Exercise description:
The answer must consist solely of the line that contains "this 1500×1000 image." and all subsequent lines of the data, each reproduced exactly.

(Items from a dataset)
----------------------------------------

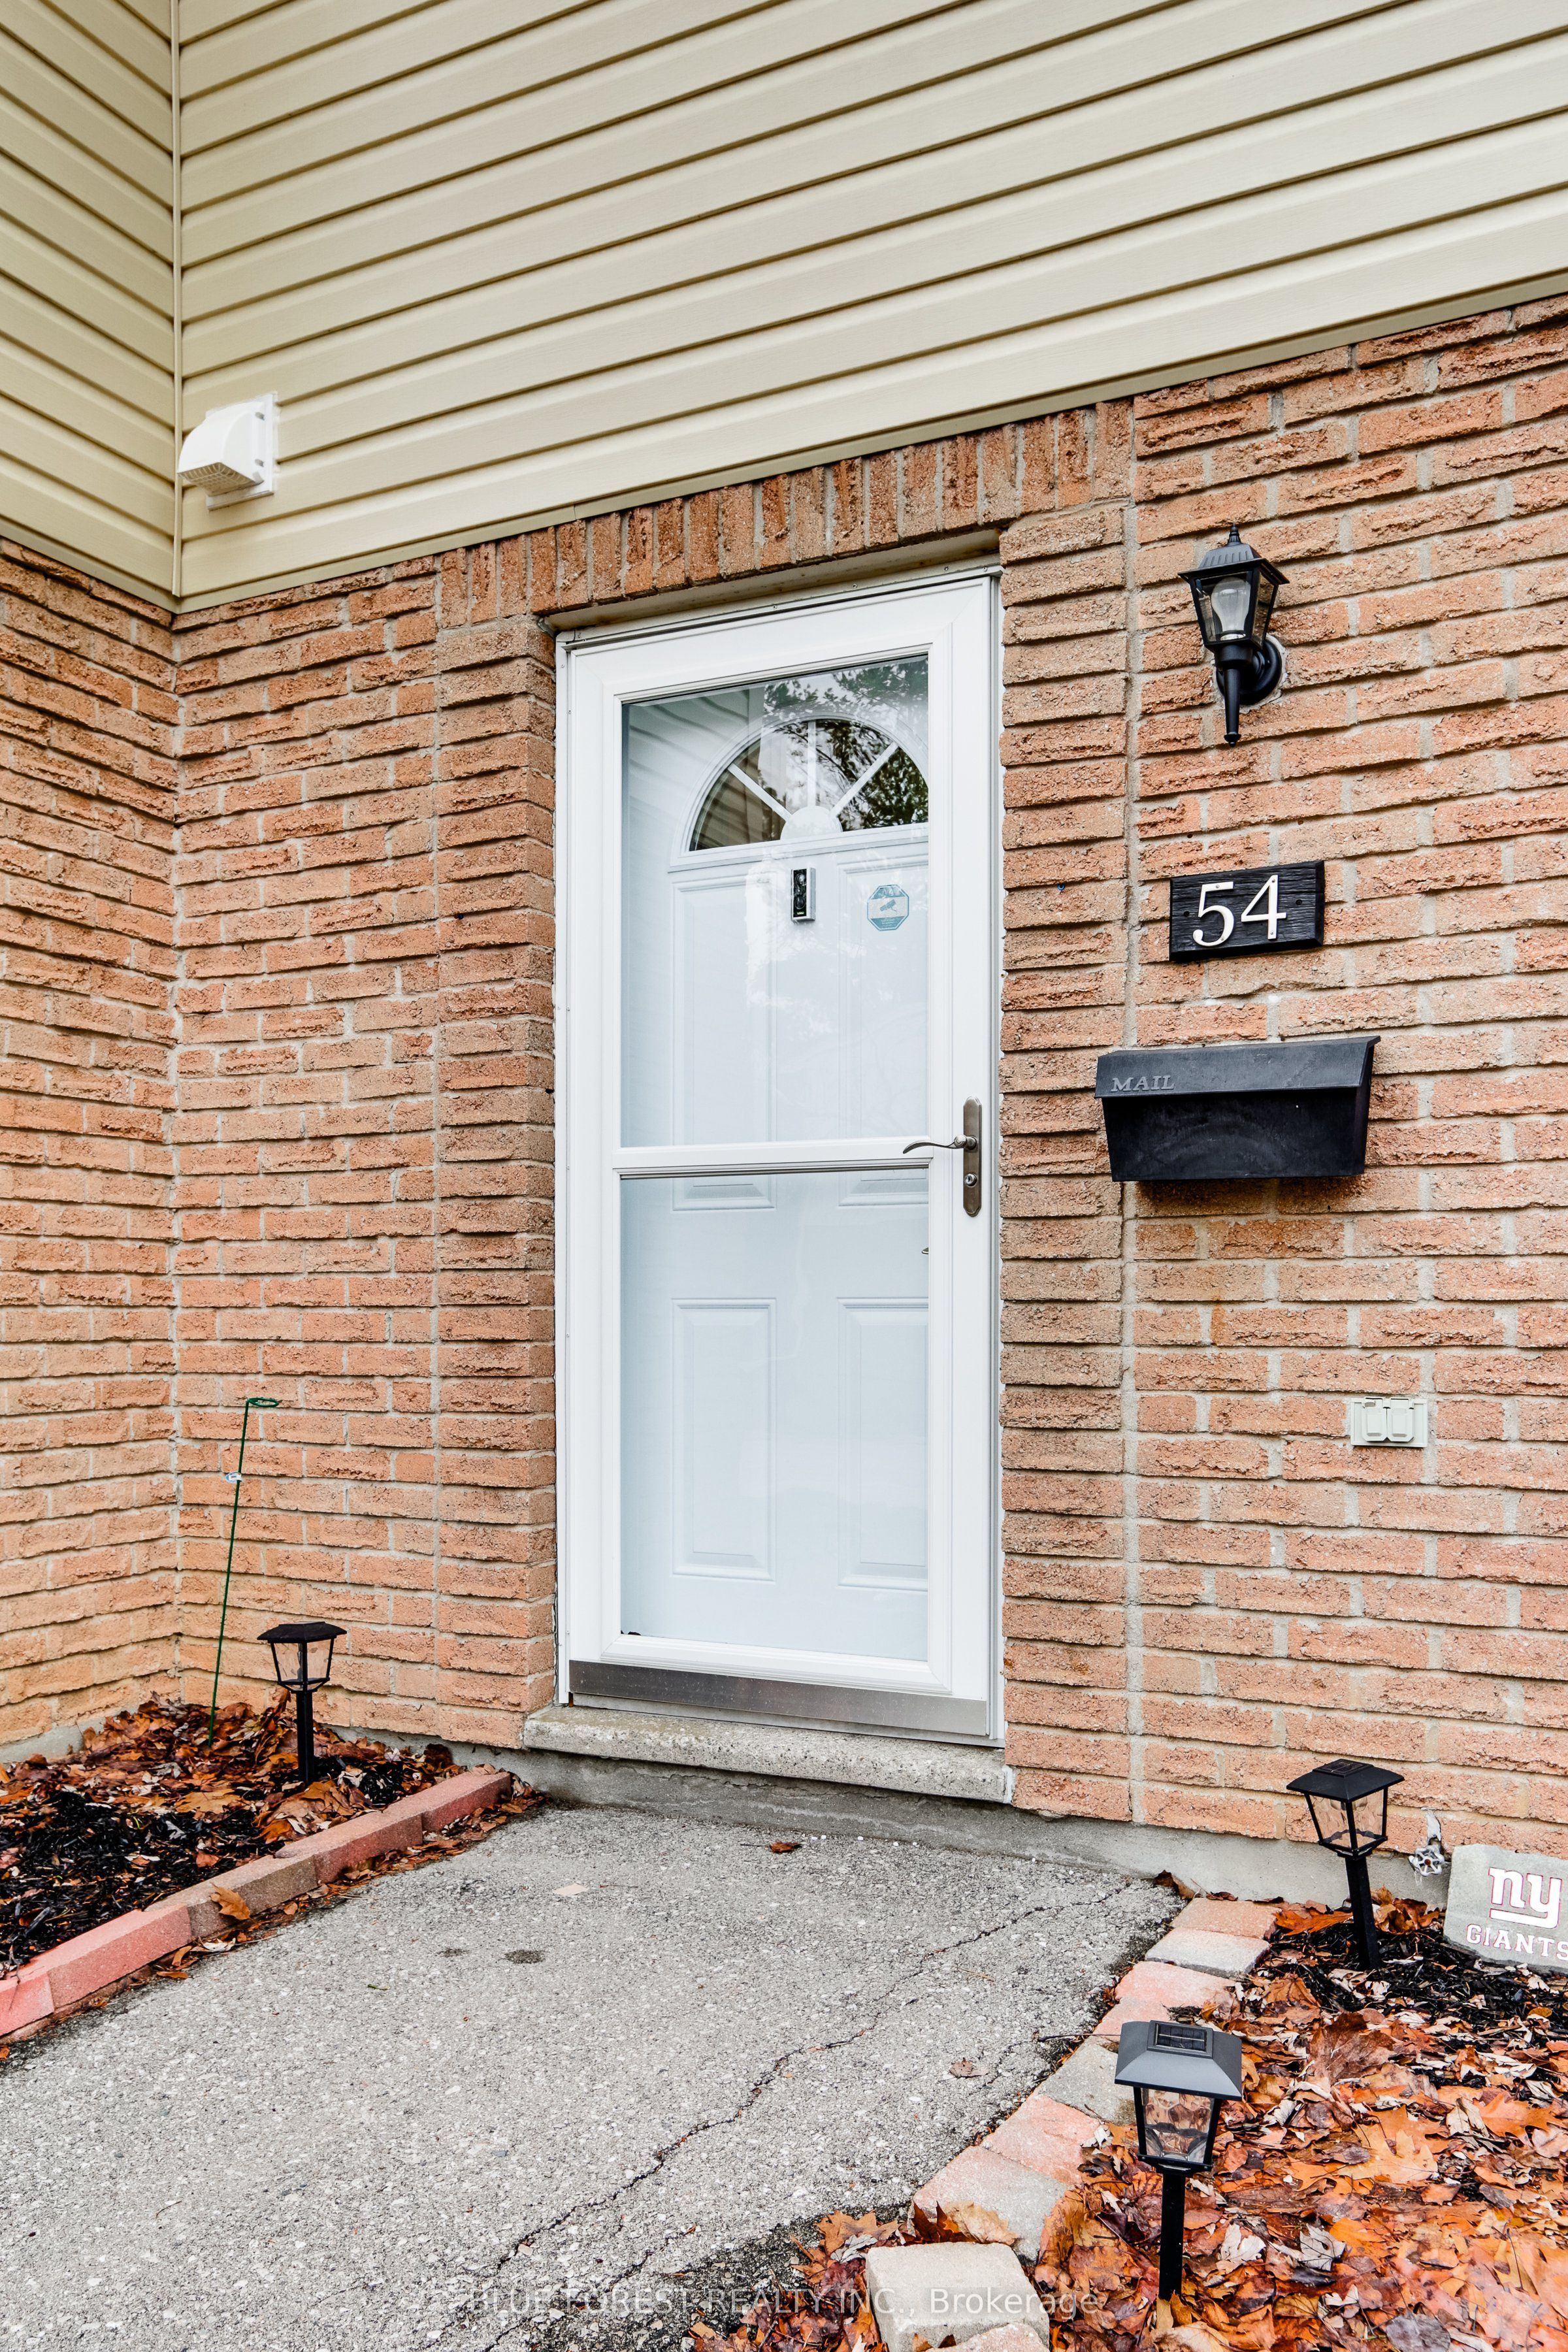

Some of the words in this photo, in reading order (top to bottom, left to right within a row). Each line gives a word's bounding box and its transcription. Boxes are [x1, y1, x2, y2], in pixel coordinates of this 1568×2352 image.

[1193, 874, 1287, 947] 54
[1111, 1075, 1175, 1092] MAIL
[1467, 1924, 1568, 1961] GIANTS
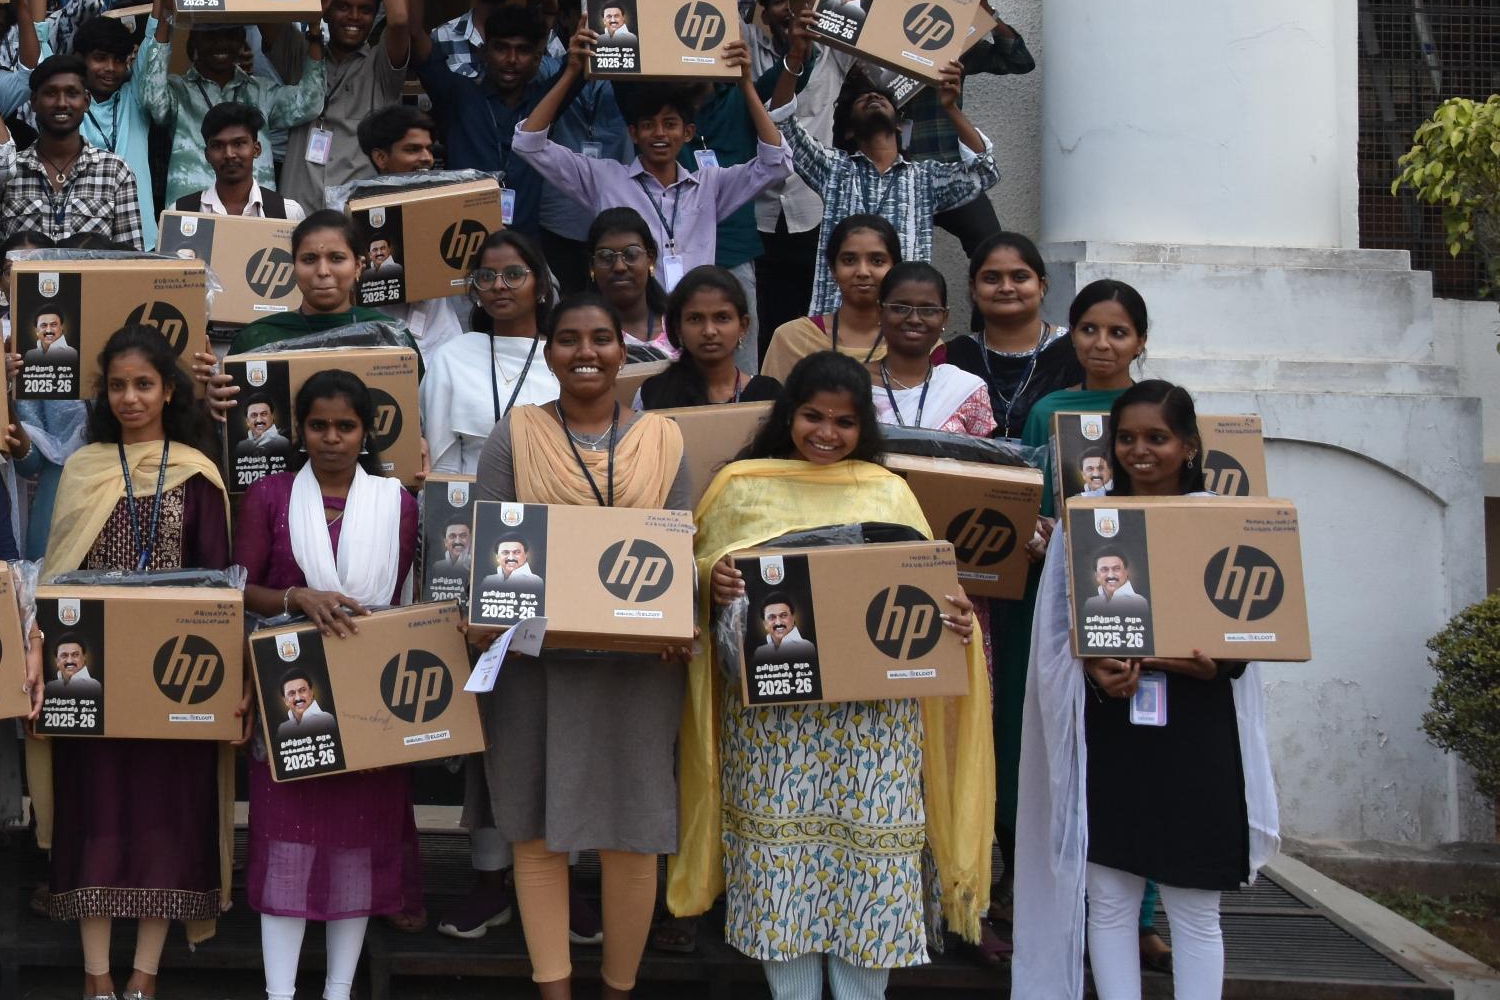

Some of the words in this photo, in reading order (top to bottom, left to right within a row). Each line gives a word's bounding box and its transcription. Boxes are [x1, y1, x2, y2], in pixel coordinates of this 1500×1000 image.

[681, 1, 721, 51] hp
[818, 18, 855, 40] 2025-26
[906, 2, 952, 49] hp
[597, 56, 635, 69] 2025-26
[895, 79, 921, 101] 2025-2
[446, 220, 486, 270] hp
[250, 247, 295, 299] hp
[362, 288, 400, 304] 2025-26
[24, 377, 73, 394] 2025-26
[957, 509, 1012, 567] hp
[607, 539, 667, 602] hp
[1214, 545, 1276, 621] hp
[481, 603, 537, 621] 2025-26
[876, 585, 935, 661] hp
[1087, 630, 1144, 650] 2025-26
[161, 634, 218, 705] hp
[391, 650, 444, 723] hp
[757, 677, 814, 697] 2025-26
[45, 711, 96, 730] 2025-26
[282, 748, 338, 772] 2025-26

----------------------------------------

Output below:
Some of the words in this photo, in reading order (top to bottom, left to right within a row). Each line gives a word's bounding box and its transcription. Boxes are [x1, y1, x2, y2], in pixel coordinates of this 1500×1000 image.

[681, 1, 721, 51] hp
[818, 18, 855, 40] 2025-26
[906, 2, 952, 49] hp
[597, 56, 635, 69] 2025-26
[895, 79, 921, 101] 2025-2
[446, 220, 486, 270] hp
[250, 247, 295, 299] hp
[362, 288, 400, 304] 2025-26
[24, 377, 73, 394] 2025-26
[957, 509, 1012, 567] hp
[607, 539, 667, 602] hp
[1214, 545, 1276, 621] hp
[481, 603, 537, 621] 2025-26
[876, 585, 935, 661] hp
[1087, 630, 1144, 650] 2025-26
[161, 634, 218, 705] hp
[391, 650, 444, 723] hp
[757, 677, 814, 697] 2025-26
[45, 711, 96, 730] 2025-26
[282, 748, 338, 772] 2025-26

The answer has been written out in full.